Distribution of students by specialty (March 2004–March 2016).

  N (%) 
Mobile critical care physician  73 (15) 
Mobile critical care nurse  64 (13) 
Paediatrics/paediatric surgery resident  170 (34.5) 
Paediatrician  90 (18.2) 
Hospital nurse  56 (11.3) 
Traumatologist  15 (3) 
Anaesthesiologist  11 (2.2) 
Paediatric surgeon  6 (1.2) 
Family physician  6 (1.2) 
Plastic surgeon  2 (0.4) 
Total  493 
Materials and methods

We conducted a retrospective study of patients admitted to the paediatric intensive care unit (PICU) with traumatic injuries. We selected 2 historic cohorts that corresponded to a first period comprehending the 4 years preceding the implementation of the training courses (2001–2004, group 1) and a second period that included the last 4 years of activity (2012–2015, group 2). The AITP course is open to all health professionals and is offered twice a year in classes of 25 students each (originally 20). It includes a distance education portion in which students are given a manual with the theoretical contents, and a face-to-face portion delivered over two days. The face-to-face portion includes a brief review of the theory as well as training at the different skill stations, which cover the full range of interventions and decisions involved in the care of these patients: basic and advanced airway management, peripheral catheter placement, treatment of immediately life-threatening injuries in anaesthetised experimental animals (tension pneumothorax, massive haemothorax, cardiac tamponade), cervical collar placement and immobilisation of patient for transport, extrication, interpretation of radiologic tests and patient classification and triage. In addition to individual training, performance as part of a team is evaluated by practicing scenarios of accidents with multiple victims. The course ends with a theoretical exam and a practical exam with actors (children in character) in which the student has to demonstrate the acquired skills by managing a variety of clinical scenarios.
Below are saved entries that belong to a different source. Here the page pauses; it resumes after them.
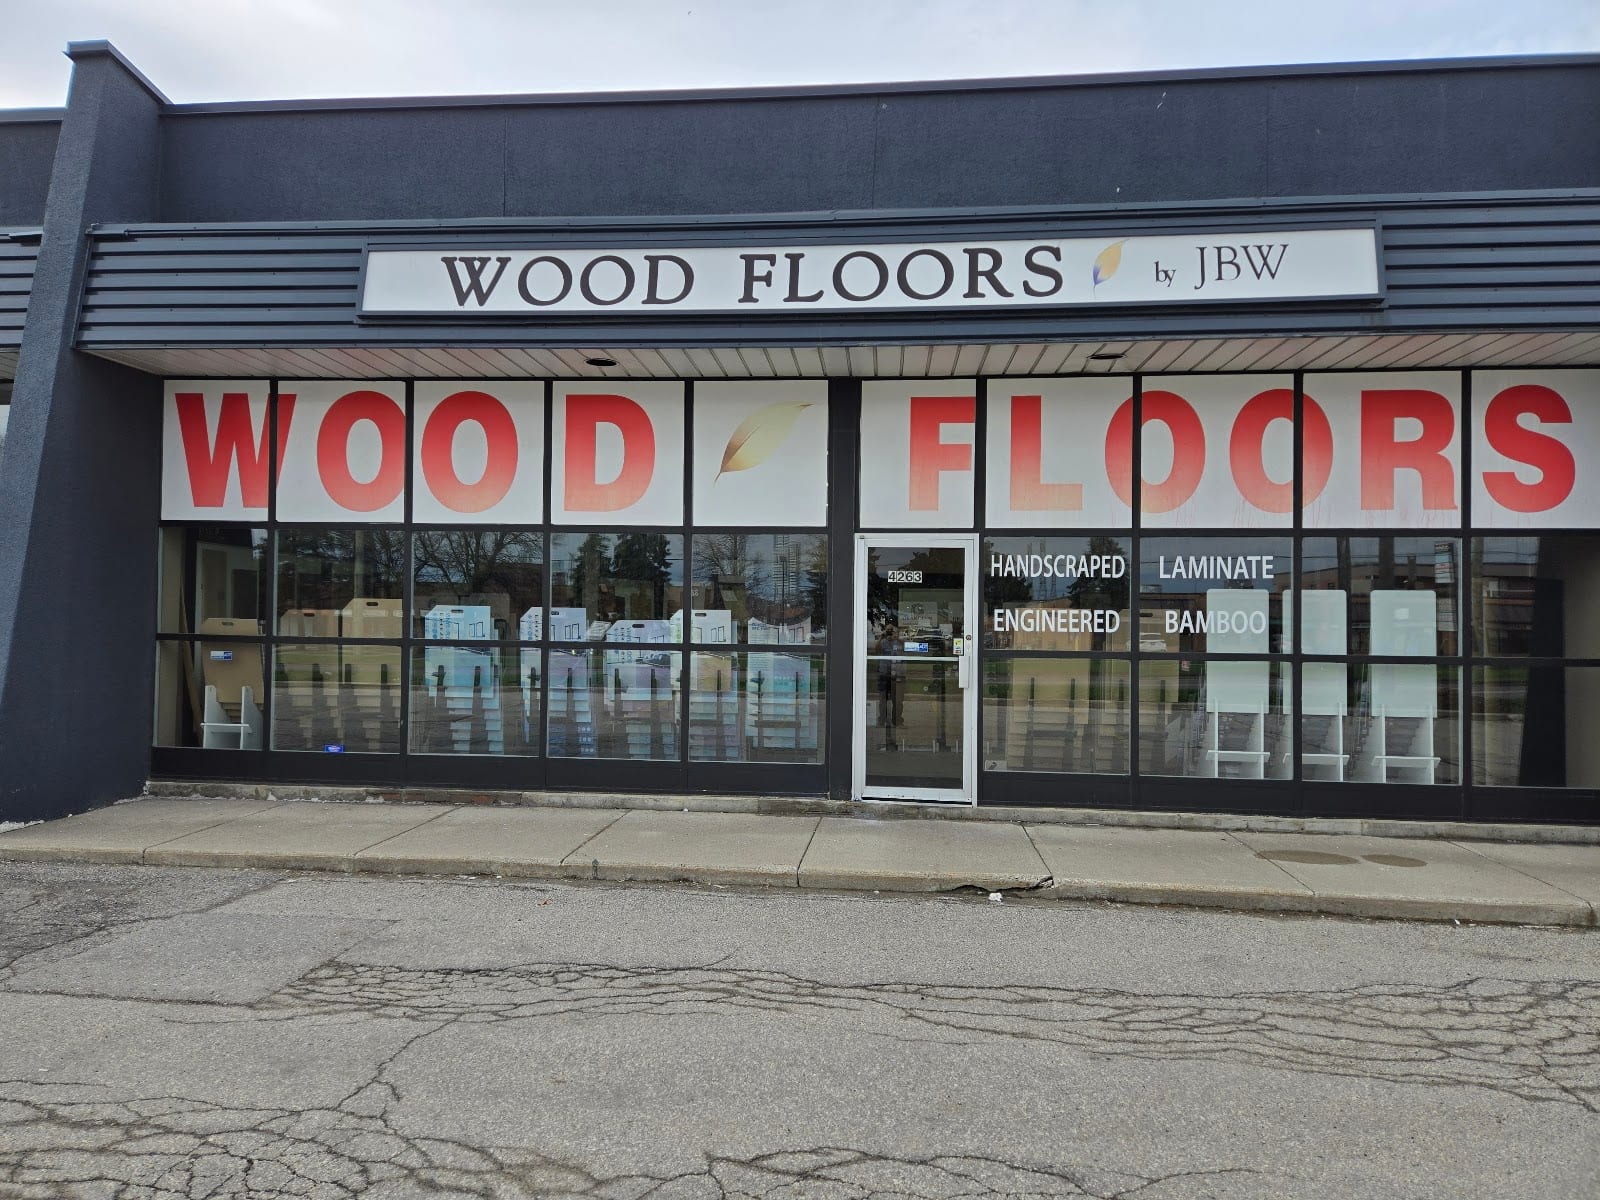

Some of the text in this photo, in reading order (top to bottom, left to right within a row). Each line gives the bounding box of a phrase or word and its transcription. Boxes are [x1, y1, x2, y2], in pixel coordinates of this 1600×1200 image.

[441, 243, 1289, 307] WOOD FLOORS by JBW
[175, 384, 1575, 513] WOOD FLOORS
[888, 571, 922, 582] 4263
[991, 554, 1125, 579] HANDSCRAPED
[1159, 555, 1274, 580] LAMINATE
[994, 608, 1120, 633] ENGINEERED
[1165, 610, 1267, 634] BAMBOO
In addition to demographic characteristics, the variables under study included the mechanism of injury, the team that provided initial care, the Glasgow Coma Score (GCS) at the time of initial care and the paediatric trauma score (PTS).
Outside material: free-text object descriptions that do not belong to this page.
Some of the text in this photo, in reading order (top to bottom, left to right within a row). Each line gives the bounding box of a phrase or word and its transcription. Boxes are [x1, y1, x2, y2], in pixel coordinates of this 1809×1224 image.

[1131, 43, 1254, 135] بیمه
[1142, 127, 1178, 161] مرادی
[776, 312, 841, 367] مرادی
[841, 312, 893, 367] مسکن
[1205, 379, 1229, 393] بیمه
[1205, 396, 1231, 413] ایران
To assess the quality of initial trauma care, we evaluated 4 clinical indicators that are commonly used in studies of this type8,9 and that reflect the adherence to interventions considered indispensable in trauma care: use of a cervical collar, establishment of vascular access, orotracheal intubation in patients with a GCS of 8 or less, and placement of a gastric tube in patients with severe trauma (PTS8). We also included a fifth indicator that counted the number of interventions performed out of the first 4 recommended interventions: cervical immobilisation, oxygen administration, peripheral catheter placement and administration of intravenous fluids.

We collected the data from emergency department discharge summaries for patients managed in hospitals, or from the patient care reports that must be completed by ALS ambulance teams documenting the performed interventions.

To analyse the data, we compared categorical variables by means of the chi-square test or the Fisher exact test. We compared continuous variables using the Student t test or the Mann–Whitney U test based on whether the variable followed a normal distribution. We set the level of significance at the conventional p-value of less than 0.05 to define statistical significance.

Results

The study sample consisted of 218 patients: 105 patients in group 1 (2001–2004 period) and 113 in group 2 (2012–2015 period). The number of admissions to the PICU due to severe trauma remained stable through both periods, with a mean of 26 admissions a year and a range of 20–32 admissions.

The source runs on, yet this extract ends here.